Cet épisode recommence un peu sans contexte avec Meredith préparant une conférence de presse sur son projet de concours pour la fondation Catherine Fox. Effectivement. Elle aperçoit l’amie de sa mère et se réfugie au bar de Joe où elle commande un café (c’est qu’elle vieillit) et se fait draguer (décidément ce bar) par un homme étant là pour la présentation de Meredith Grey.

Elle se met à jouer aux fléchettes avec l’homme, et on est bien loin de ce que Grey’s propose habituellement. Finalement, l’homme découvre son identité grâce au nouveau barman (Mark) qui évidemment connaît Meredith par son nom. Le problème ? L’homme déteste le docteur Grey, mais maintenant, il sympathise avec Meredith.

Il la déteste parce qu’elle a été plus rapide que lui avec sa méthode qui a rendu son travail inutile, mais il sait bien qu’elle a gagné de manière juste… Contrairement à Eillis avec sa meilleure amie, ce que Meredith lui raconte à la fois pour lui remonter le moral (j’imagine ?) et surtout pour faire du Meredith, c’est-à-dire se regarder le nombril et se sentir mieux par rapport à ses propres décisions en les justifiant à voix haute. C’est vrai que depuis le départ de Cristina, ces scènes se font plus rares, mais elle n’a pas changé.

Finalement, elle prend la bonne décision de renommer la méthode Grey avec le nom de la meilleure amie de sa mère également, faisant une déclaration au début de sa propre présentation. C’est sans surprise vu ses réactions depuis l’affaire Harper Avery, mais je trouve dommage qu’elle en veuille encore à la meilleure amie de sa mère et refuse de lui parler en fin d’épisode. Pour le coup, son attitude était plus que compréhensible, quoi, et autant enterrer la hache de guerre.

Amelia continue de s’occuper de sa filleule, Betty, et ce n’est pas si facile car elle est loin d’être reconnaissante. Comme toute personne en détox dans les séries, elle s’en prend à Amelia… avant de fuguer quand Amelia la lâche des yeux comme une bleue. Elle ne la retrouve pas dans cet épisode et finit à une réunion AA où elle dit qu’elle meurt d’envie de se droguer à cause de son échec. Ah, Amelia. J’aurais aimé passer plus de temps sur cette intrigue !

Pendant ce temps, Bailey essaye de trouver une raison valable pour justifier le renvoi de Roy, mais ce n’est pas facile du tout. Il réclame simplement des excuses et son salaire, quelque chose d’assez raisonnable en fait, mais Bailey ne s’en contente pas. Weber essaye de la convaincre que ce n’est pas extrême comme demande, surtout qu’il a lui-même opéré quand il était sous l’influence d’alcool. Elle refuse de l’écouter, mais elle ferait mieux, parce que la solution du procès n’est pas du tout bon signe pour la suite.

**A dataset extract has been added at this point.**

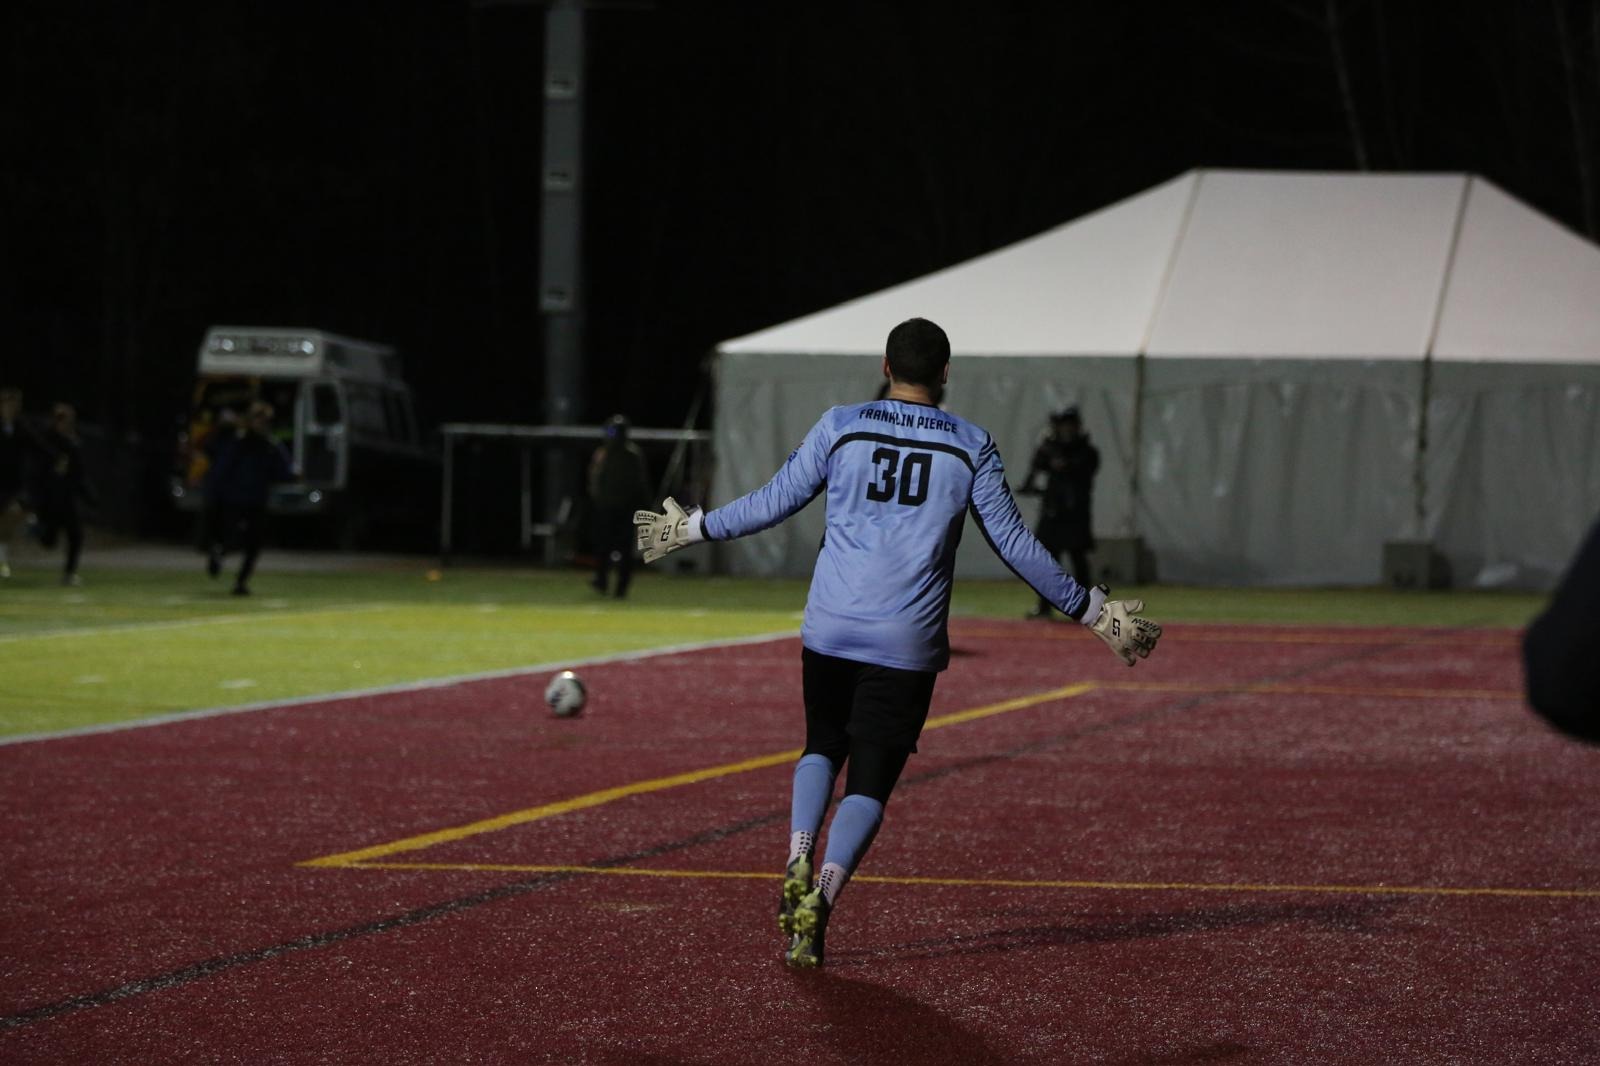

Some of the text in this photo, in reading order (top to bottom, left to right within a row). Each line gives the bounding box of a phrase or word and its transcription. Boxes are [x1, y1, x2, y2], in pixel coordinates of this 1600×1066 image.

[859, 408, 957, 434] FRANKLIN PIERCE
[866, 447, 933, 506] 30

Elle passe l’épisode à interroger tout le monde à la recherche d’une erreur de Roy, mais il n’a rien fait de mal, en fait. Elle finit par accepter de s’excuser… mais ne le fait pas, préférant faire la morale à Roy. Alors oui, mais non, toujours pas. Evidemment, Roy saisit l’opportunité qu’elle lui donne, un an de période d’essai, mais je ne vois pas comment les scénaristes veulent qu’on sympathise avec Bailey sur ce coup-là.

De son côté, Deluca passe ses nerfs sur les internes, et c’est marrant parce que ça rappelle de bien anciennes scènes. Pour le consoler, Maggie l’emmène s’occuper d’une des patientes d’Arizona qui a besoin d’une chirurgie car son bébé risque d’être paralysée. Le problème, c’est que la patiente est terrorisée par la chirurgie. Elle décide donc de rentrer chez elle sans chirurgie.

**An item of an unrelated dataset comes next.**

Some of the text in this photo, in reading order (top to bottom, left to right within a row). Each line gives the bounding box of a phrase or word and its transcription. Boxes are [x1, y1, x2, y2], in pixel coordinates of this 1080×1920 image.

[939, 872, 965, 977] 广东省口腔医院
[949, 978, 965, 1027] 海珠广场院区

De son côté, Sofia s’est fait suspendre de l’école après avoir volé de l’argent de son club de théâtre pour se payer un billet pour New-York, ce qu’Arizona découvre dans son journal intime. En toute logique, elle s’effondre et April vient la réconforter, ce qui suffit à lui redonner confiance. Arizona se rend donc chez sa patiente (ça, c’est du soin pour les patients) pour la convaincre que la chirurgie est la meilleure option pour sa fille.

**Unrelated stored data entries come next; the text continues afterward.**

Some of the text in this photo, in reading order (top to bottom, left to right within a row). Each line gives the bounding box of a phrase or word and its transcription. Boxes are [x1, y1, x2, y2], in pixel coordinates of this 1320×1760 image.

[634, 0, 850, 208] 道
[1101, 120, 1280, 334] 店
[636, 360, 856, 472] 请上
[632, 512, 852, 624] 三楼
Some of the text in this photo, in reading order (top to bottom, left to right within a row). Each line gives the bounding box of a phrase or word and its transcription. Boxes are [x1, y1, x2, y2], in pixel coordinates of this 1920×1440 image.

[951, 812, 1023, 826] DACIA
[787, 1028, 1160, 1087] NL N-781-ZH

La peur de la patiente se résume à la peur de mourir sur la table d’opération, comme son père. Oui, ça se comprend ma foi. Arizona parvient toutefois à la convaincre de revenir à l’hôpital, en lui racontant comment elle a perdu sa jambe. La patiente accepte finalement de se faire opérer et Arizona lui promet qu’elle ira bien. Erreur de débutant ? Totalement.

Cependant, la chirurgie se passe à merveille et la patiente se réveille sans problème, heureuse de se dire maman et d’avoir fait passer sa fille avant ses propres peurs. Cela travaille alors Arizona qui prend la décision de renvoyer Sofia à New-York… et d’aller s’y installer elle aussi. C’est une fin sympa pour le personnage si c’est ce qu’ils lui réservent pour quitter la série, c’est mieux géré que le départ de Callie en tout cas. Cette dernière était une nouvelle fois présente dans l’épisode puisqu’Arizona lui téléphone pour lui annoncer la nouvelle, et c’est bien de montrer la communication entre les deux malgré l’absence de Callie. Ces coups de téléphone à des personnages ayant quitté la série continuent de fonctionner pour moi, et ça prouve bien qu’il n’y a pas besoin de tuer tout le monde à chaque fois.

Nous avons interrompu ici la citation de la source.